The liver has the capacity to regenerate: Up to 80 percent of the organ can be surgically removed and within several weeks, the liver will have entirely regenerated itself. If one lobe--along with its associated blood vessels--is surgically removed, the remaining lobe will compensate for the loss. A new technique which stimulates regeneration before surgery is also being evaluated here. The technique is called pre-operative portal vein embolization. If doctors feel the portion of the liver remaining after resection would be too small to allow for a good outcome, they can shift the blood supply to the normal portion of the liver before the resection is done. That normal area grows larger, and when it reaches sufficient size, the resection can be performed.

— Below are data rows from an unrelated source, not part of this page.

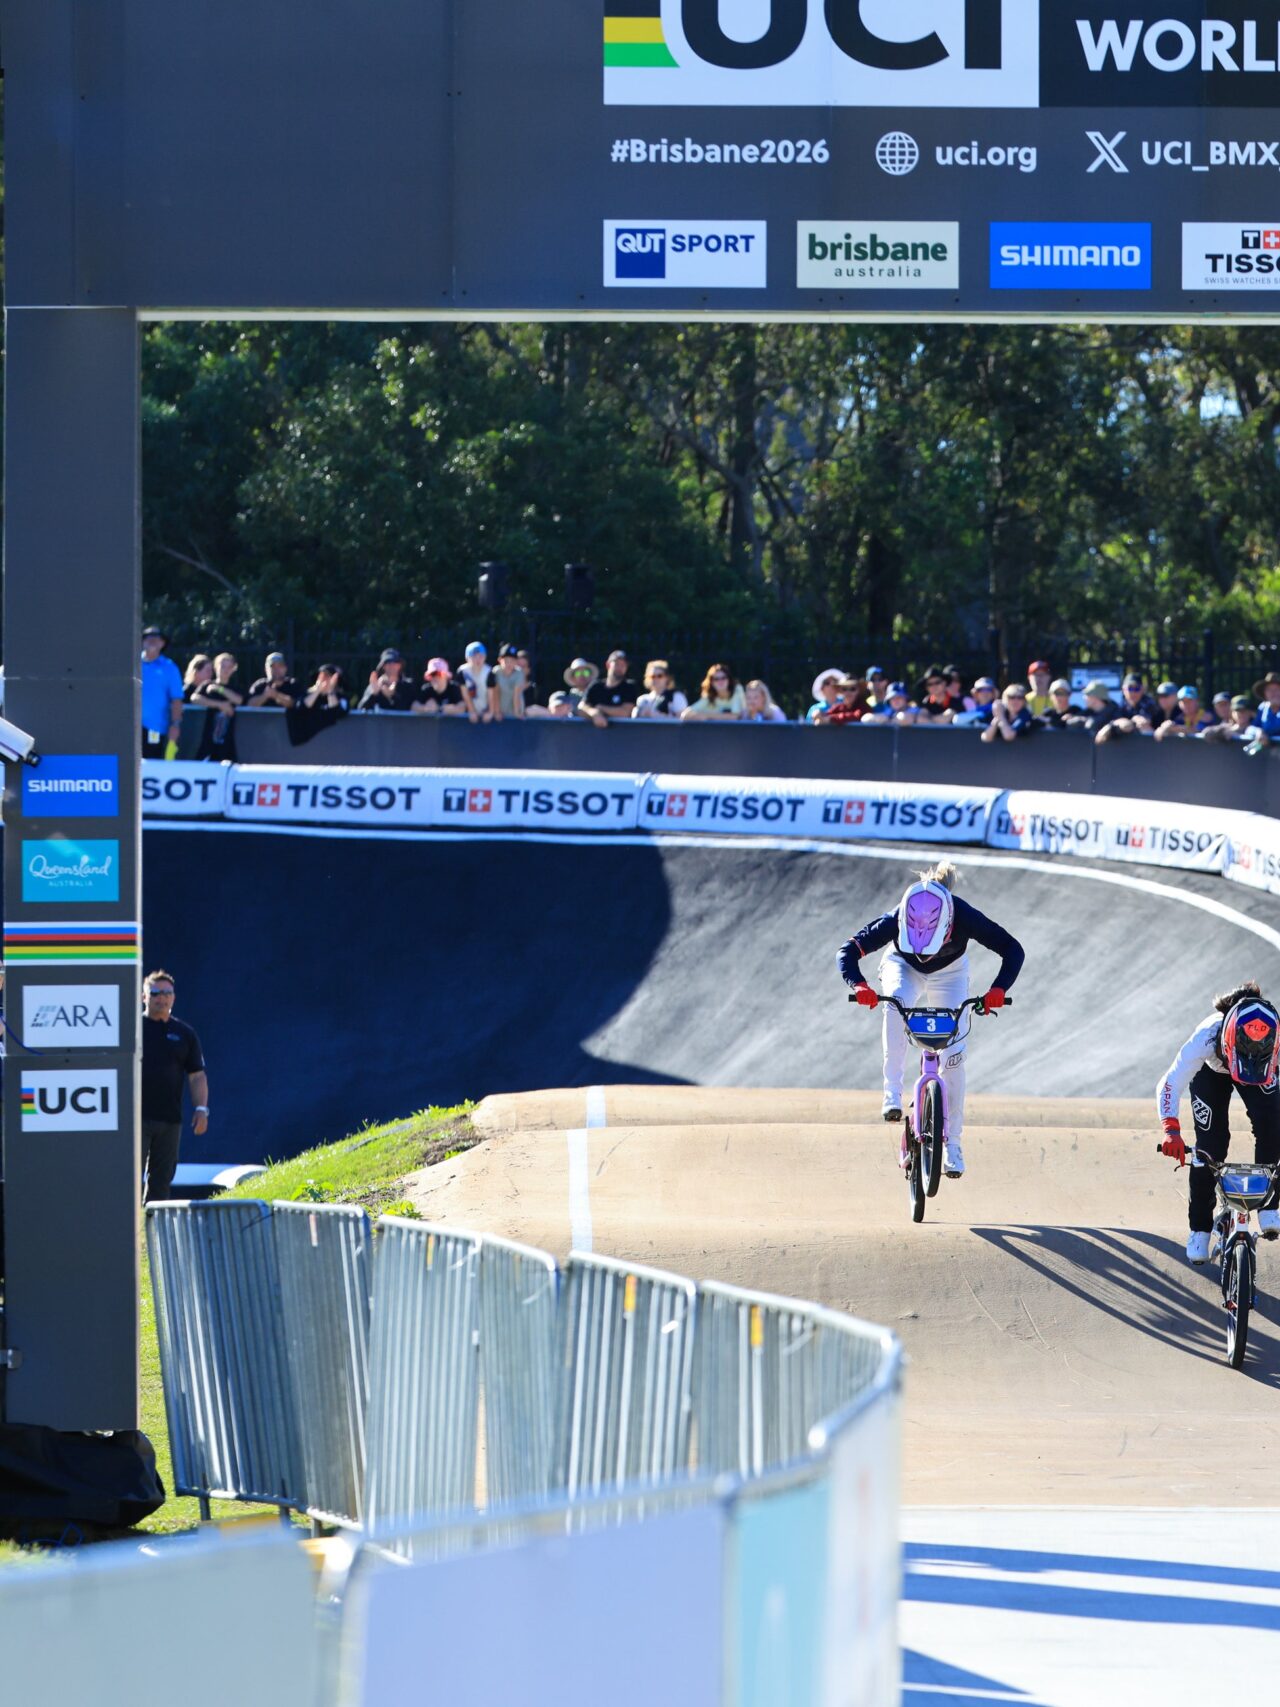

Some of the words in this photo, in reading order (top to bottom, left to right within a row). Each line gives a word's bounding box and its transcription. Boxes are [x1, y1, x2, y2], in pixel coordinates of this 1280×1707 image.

[681, 0, 1001, 70] UCI
[611, 138, 829, 164] #Brisbane2026
[936, 141, 1037, 172] uci.org
[617, 233, 664, 253] QUT
[671, 235, 755, 253] SPORT
[808, 233, 947, 262] brisbane
[1001, 245, 1140, 267] SHIMANO
[834, 266, 921, 278] australia
[1204, 277, 1230, 285] SWISS
[1232, 277, 1272, 285] WATCHES
[28, 779, 113, 793] SHIMANO
[286, 785, 421, 811] TISSOT
[498, 790, 634, 816] TISSOT
[692, 795, 805, 822] TISSOT
[870, 802, 984, 828] TISSOT
[1030, 814, 1104, 842] TISSOT
[29, 854, 112, 879] Queensland
[926, 1018, 936, 1032] 3
[38, 1086, 110, 1115] UCI
[1164, 1082, 1173, 1114] JAPAN
[1241, 1176, 1249, 1192] 1

When the liver is burdened with another disease aside from the cancer, surgery is complicated and sometimes impossible. A disease such as cirrhosis dramatically weakens the liver and often leaves it permanently damaged, with limited regenerative capacity. A patient with a liver hampered by both cirrhosis and a tumor is more likely to be treated with a method other than surgery. Some of these treatments are listed below.
Ablation uses a chemical agent or energy to destroy a tumor. Ablative procedures can be performed both percutaneously (through the skin without an incision) or during surgery. Procedures which can be performed percutaneously include cryosurgery (freezing and killing the tumor cells), radiofrequency (RF) ablation, alcohol ablation, and embolization. These therapies can be very effective but are usually intended to control cancer rather than cure it.

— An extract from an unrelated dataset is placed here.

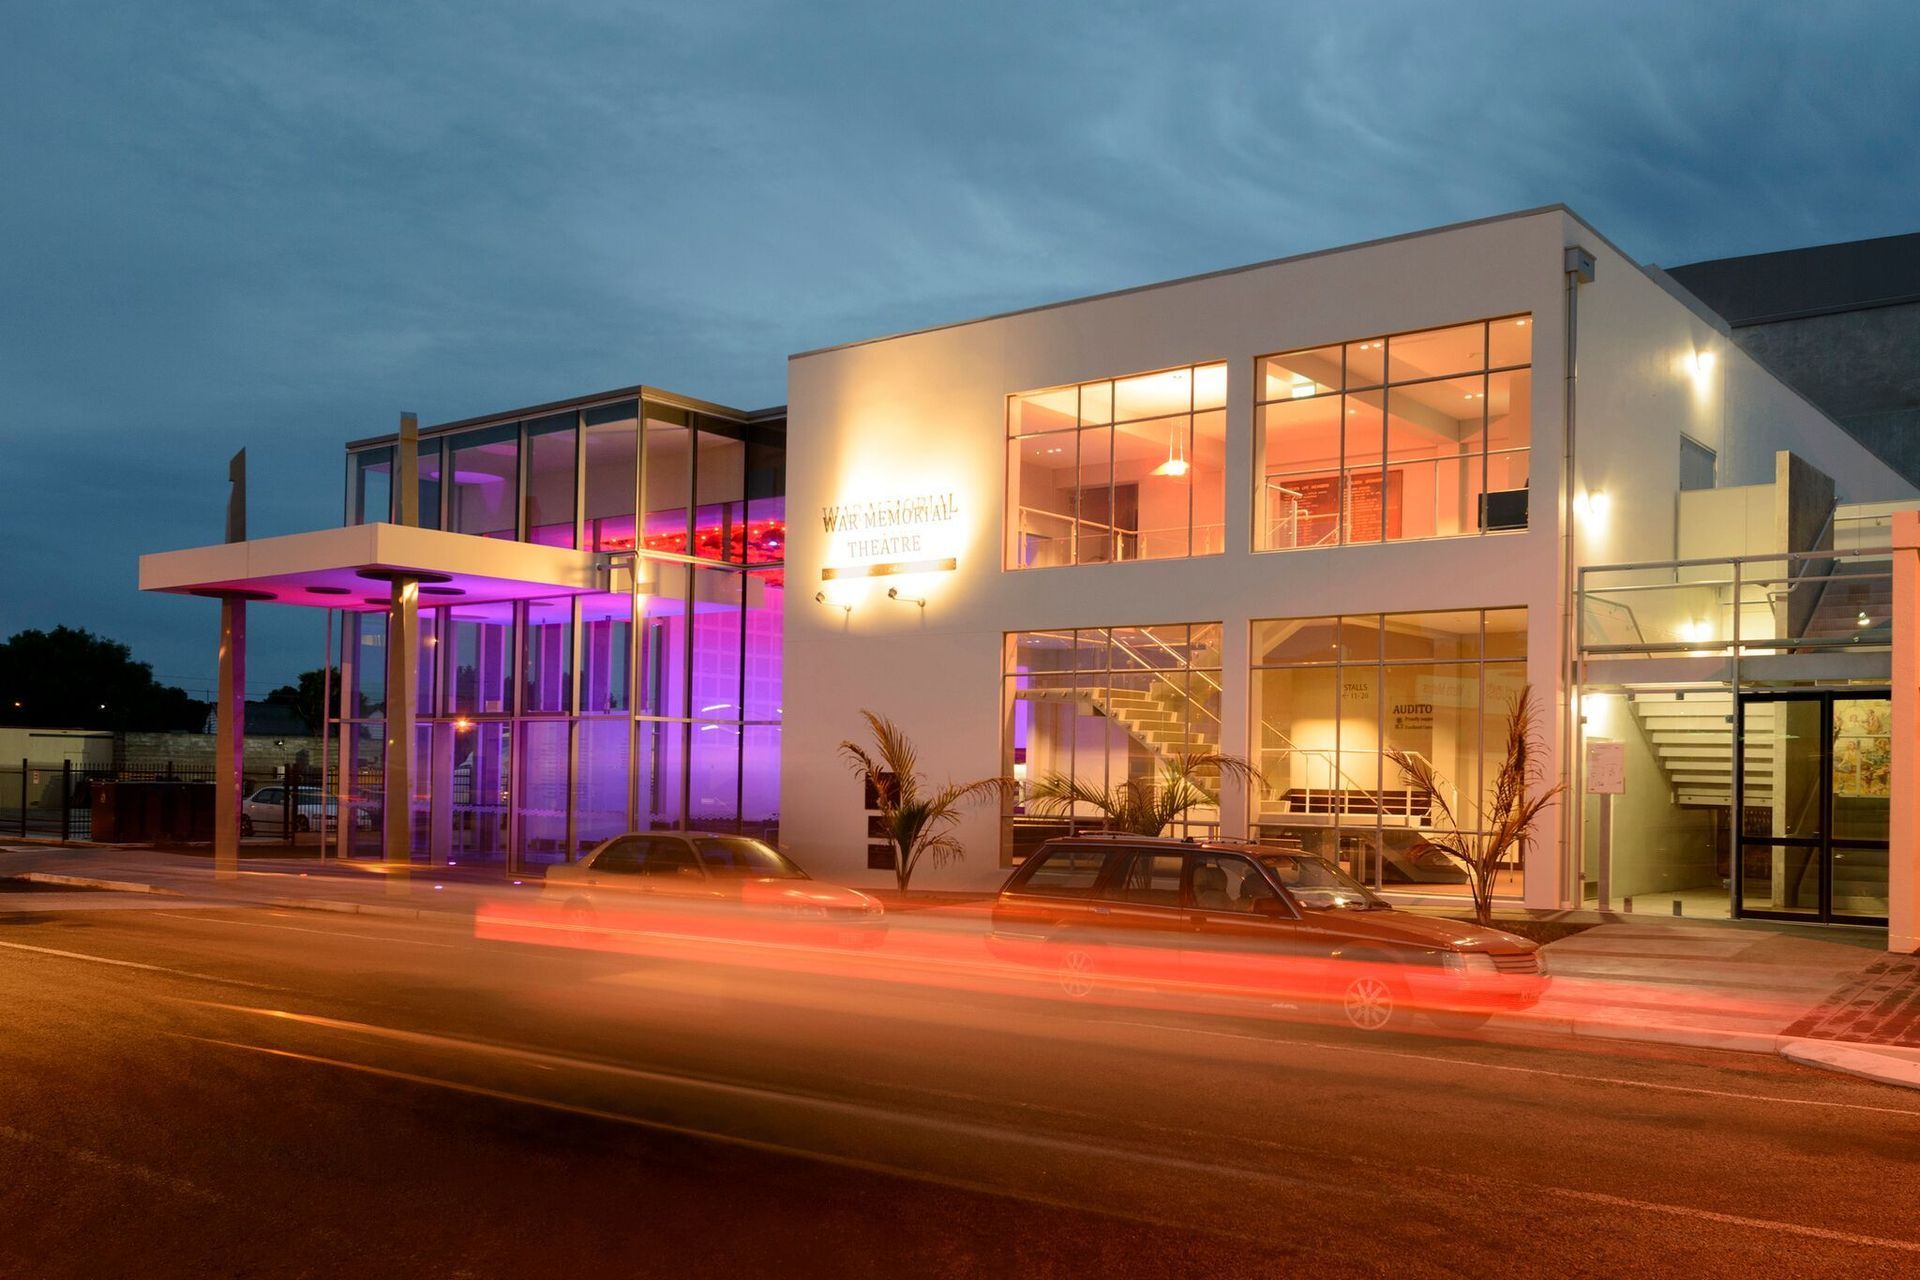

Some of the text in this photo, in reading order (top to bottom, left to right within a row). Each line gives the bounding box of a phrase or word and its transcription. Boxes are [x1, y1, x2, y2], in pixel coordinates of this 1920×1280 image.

[822, 503, 953, 533] WAR MEMORIAL
[847, 535, 921, 558] THEATRE
[1393, 704, 1433, 714] AUDITO

Ablative therapies can be used alone or in combination with surgical removal of a tumor. For example, a patient with hepatocellular cancer who is not a candidate for surgery may first be treated with embolization to shrink the tumor so that it is small enough to make another form of ablative therapy or surgery possible.
In cryosurgery, a needle is introduced into the middle of a tumor to freeze it. Residual tumor cells can be left behind, making this method less effective than surgery. It can also be difficult to keep the tumor at temperatures low enough to completely freeze it, since tumors are often near large blood vessels. Nevertheless, cryosurgery can be a very effective way to control liver tumors.
Radiofrequency ablation is the opposite of cryosurgery. Rather than freezing the tumor, physicians use radio waves to heat it up to such a high temperature that the tumor is destroyed. RF ablation is effective, but can only be used for smaller tumors. This therapy is not curative; it is intended to control tumor growth.
Alcohol ablation or PEIT (percutaneous ethanol injection treatment) is a means of administering toxins directly to a tumor. It is quite effective for small tumors of less than 5 cm. This treatment is usually selected for patients who are not candidates for surgery.
Radiation therapy is used in selected cases to help control tumors. Radiation oncologists here use new techniques to focus the radiation beam on the tumor and spare the normal liver from injury.
Embolization is a procedure that cuts off the blood supply to the tumor. Physicians pack a branch of the hepatic artery -- the main artery that carries blood to the liver -- with tiny plastic particles, cutting off most of the blood flow and depriving the tumor of life-giving oxygen.